### [INSTRUCTIONS FOR THE TASK]
Every line below must be reproduced exactly; no pictures are to be included.

** DATA FOR PROCESSING follows **

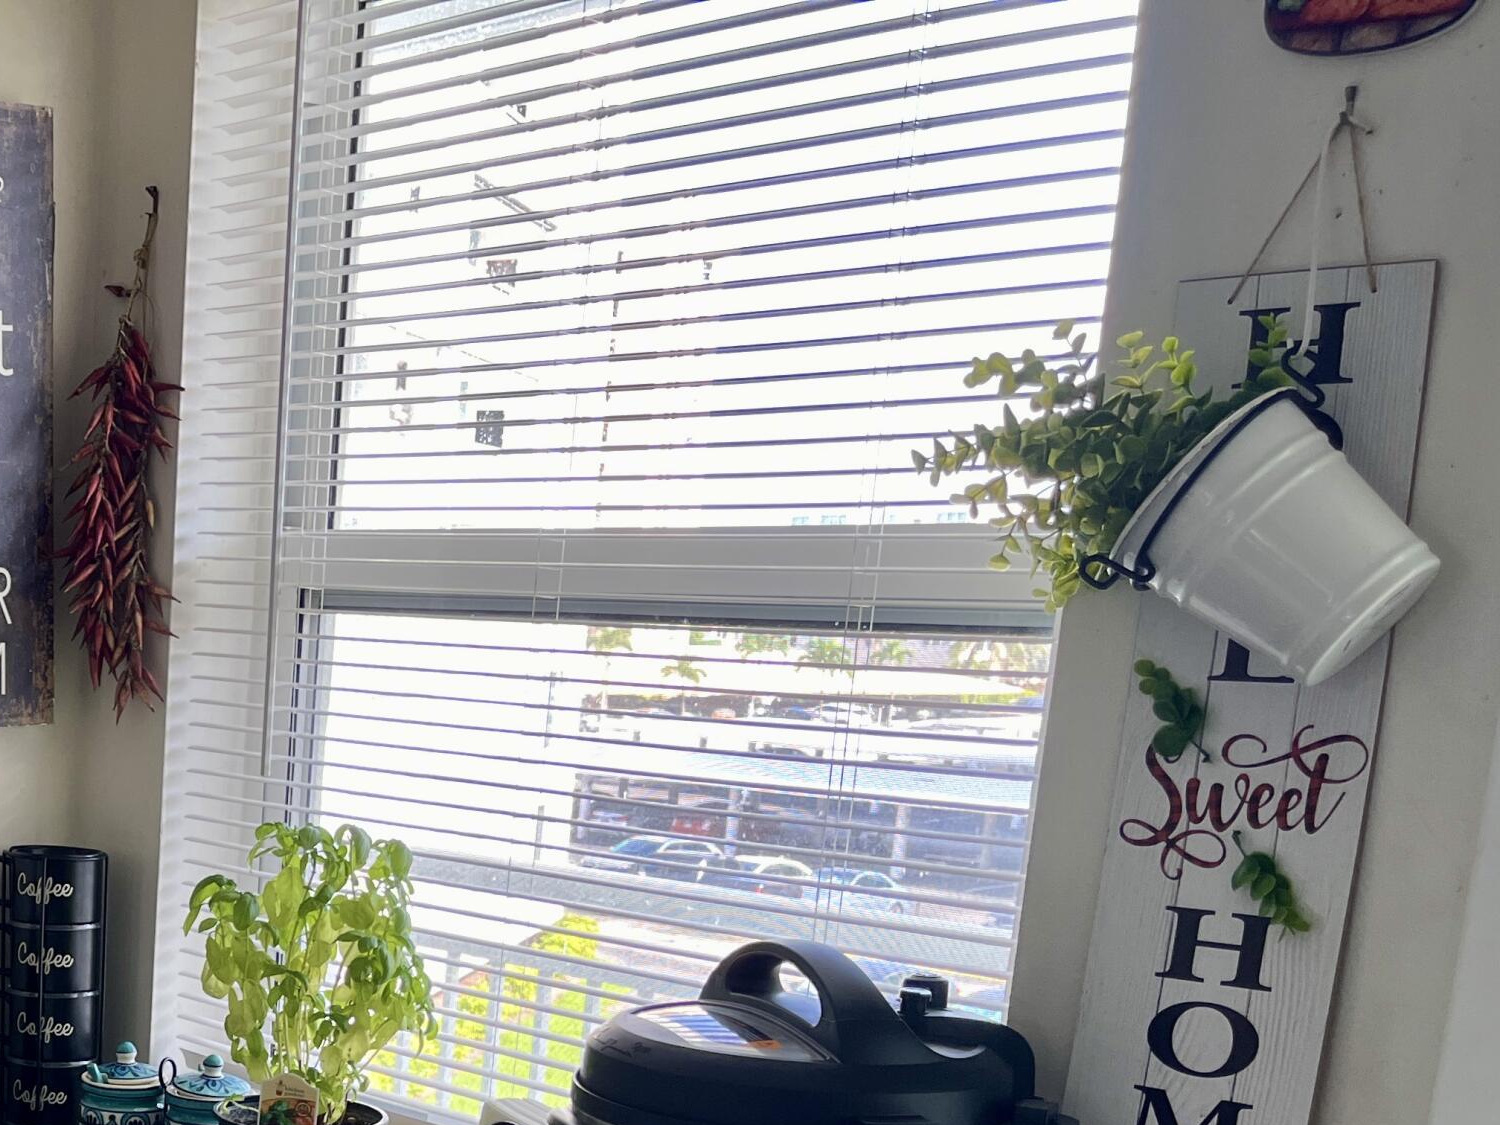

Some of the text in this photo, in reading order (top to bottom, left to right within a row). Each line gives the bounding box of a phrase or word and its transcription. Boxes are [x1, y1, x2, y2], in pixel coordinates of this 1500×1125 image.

[1119, 725, 1368, 880] Sweet
[17, 871, 74, 905] Coffee
[13, 1078, 68, 1112] Coffee
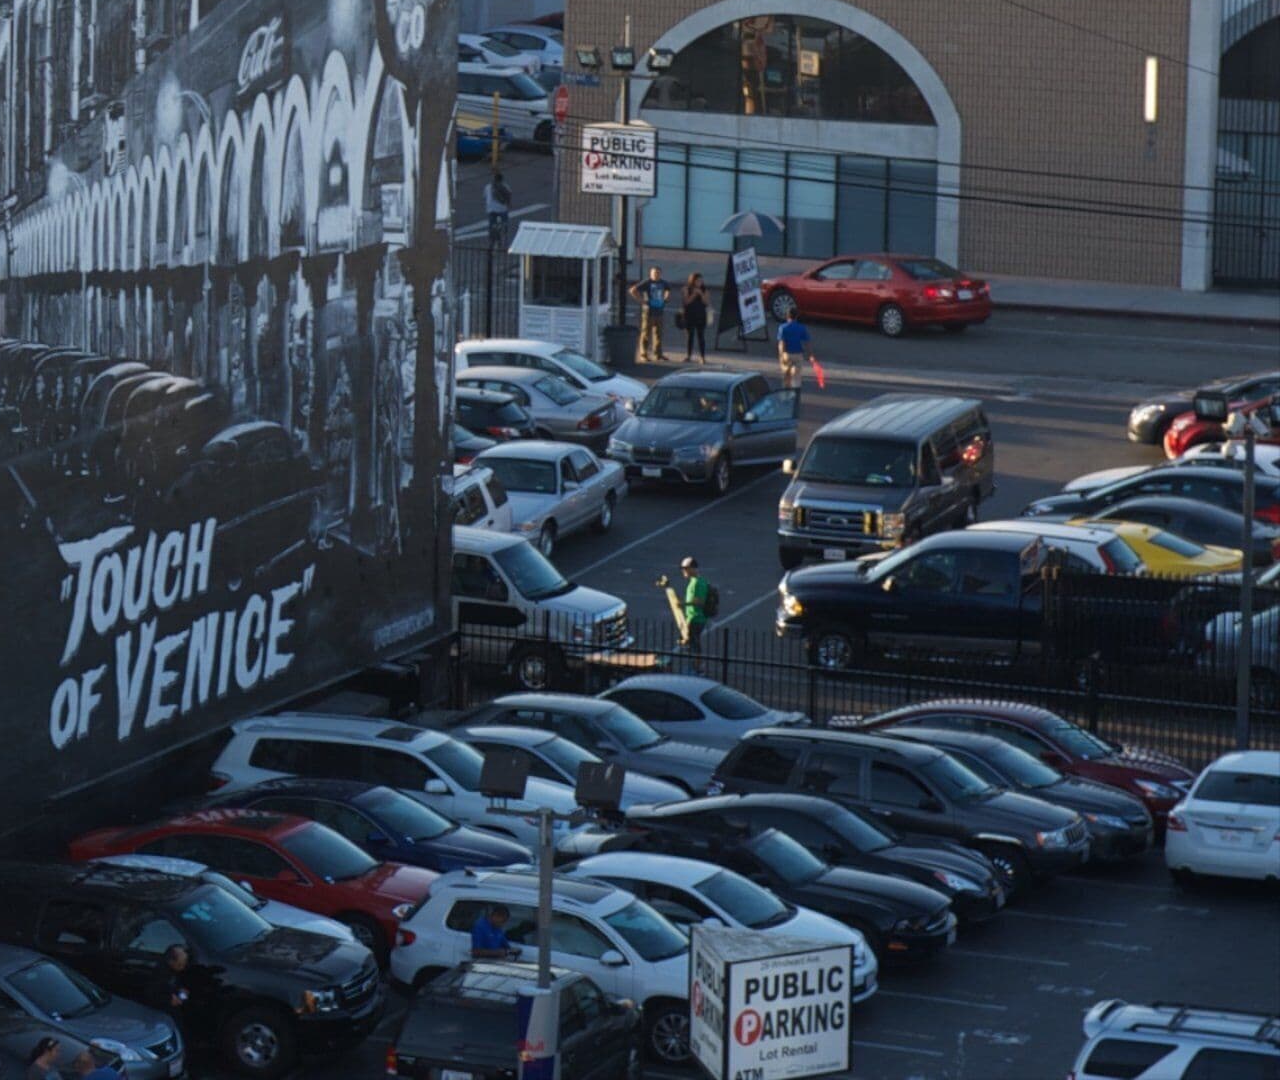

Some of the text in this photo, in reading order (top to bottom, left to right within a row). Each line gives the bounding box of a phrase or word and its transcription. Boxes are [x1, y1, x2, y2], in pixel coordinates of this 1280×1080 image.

[590, 136, 647, 153] PUBLIC
[585, 151, 652, 171] PARKING
[49, 663, 108, 750] OF
[744, 966, 844, 1006] PUBLIC
[734, 1000, 845, 1047] PARKING
[758, 1042, 818, 1062] Lot Rental
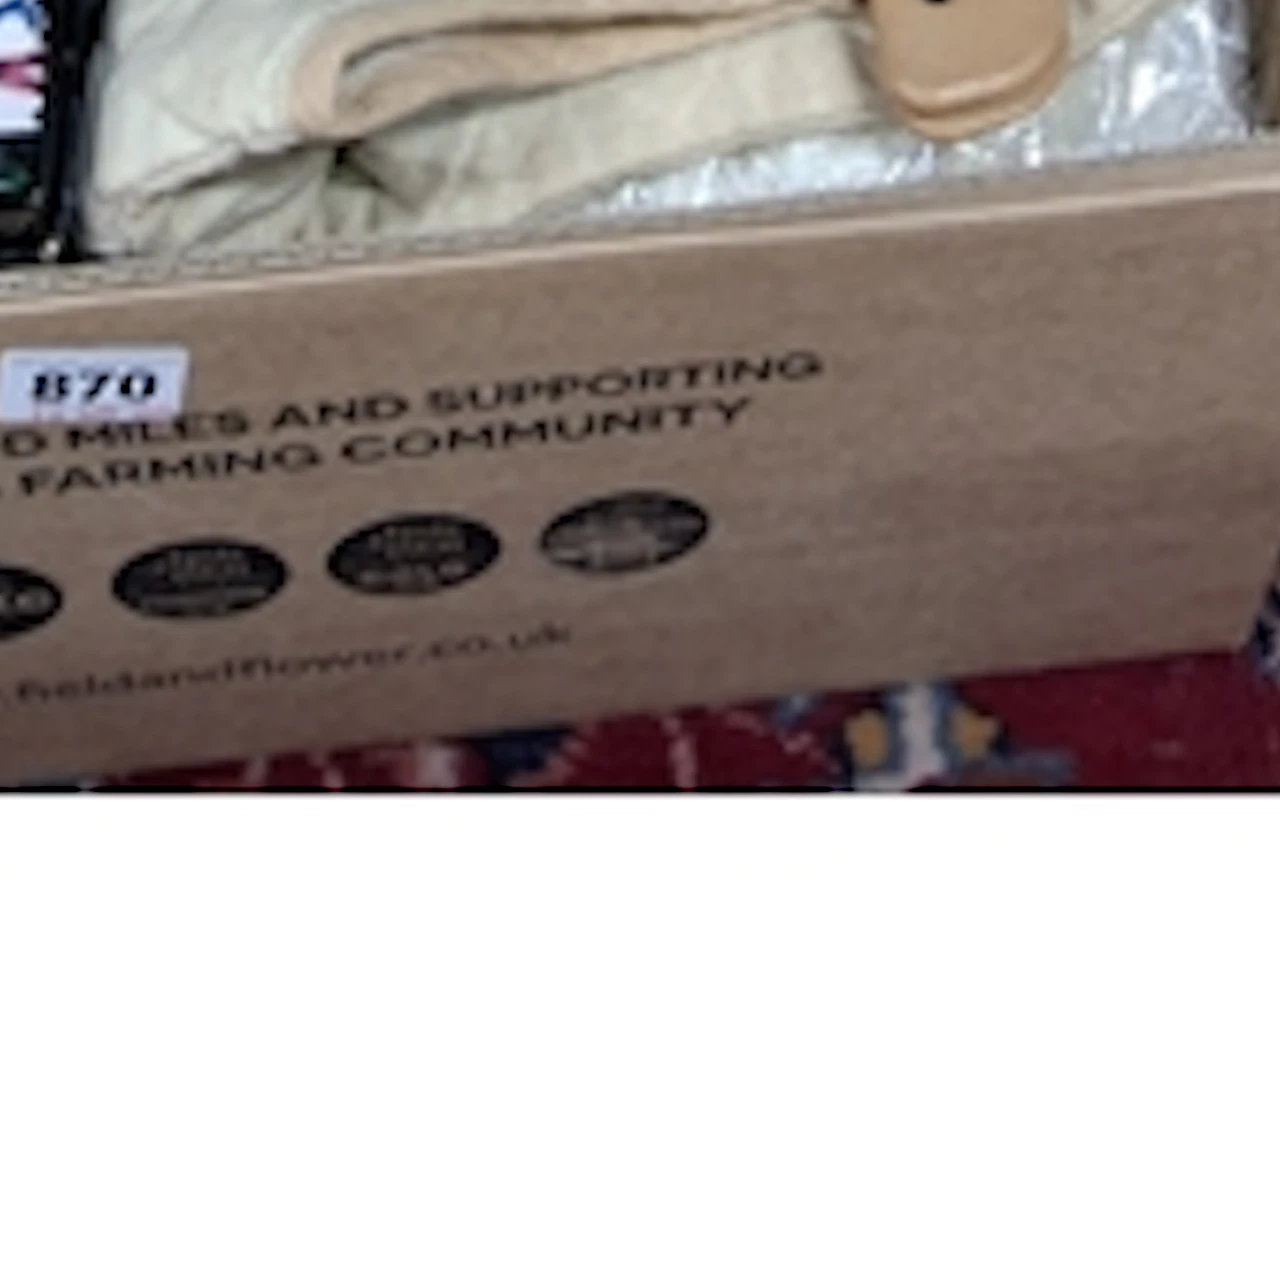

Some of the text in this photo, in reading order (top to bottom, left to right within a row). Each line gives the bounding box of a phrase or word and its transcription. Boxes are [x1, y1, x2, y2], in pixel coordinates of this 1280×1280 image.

[31, 368, 157, 403] 870
[66, 407, 250, 451] MILES
[271, 390, 410, 432] AND
[425, 350, 825, 415] SUPPORTING
[18, 440, 323, 499] FARMING
[337, 395, 752, 467] COMMUNITY

** End of DATA FOR PROCESSING **

### [RESULT OF THE TASK]
Some of the text in this photo, in reading order (top to bottom, left to right within a row). Each line gives the bounding box of a phrase or word and its transcription. Boxes are [x1, y1, x2, y2], in pixel coordinates of this 1500×1125 image.

[1119, 725, 1368, 880] Sweet
[17, 871, 74, 905] Coffee
[13, 1078, 68, 1112] Coffee

Some of the text in this photo, in reading order (top to bottom, left to right within a row). Each line gives the bounding box of a phrase or word and its transcription. Boxes are [x1, y1, x2, y2], in pixel coordinates of this 1280×1080 image.

[590, 136, 647, 153] PUBLIC
[585, 151, 652, 171] PARKING
[49, 663, 108, 750] OF
[744, 966, 844, 1006] PUBLIC
[734, 1000, 845, 1047] PARKING
[758, 1042, 818, 1062] Lot Rental

Some of the text in this photo, in reading order (top to bottom, left to right within a row). Each line gives the bounding box of a phrase or word and its transcription. Boxes are [x1, y1, x2, y2], in pixel coordinates of this 1280×1280 image.

[31, 368, 157, 403] 870
[66, 407, 250, 451] MILES
[271, 390, 410, 432] AND
[425, 350, 825, 415] SUPPORTING
[18, 440, 323, 499] FARMING
[337, 395, 752, 467] COMMUNITY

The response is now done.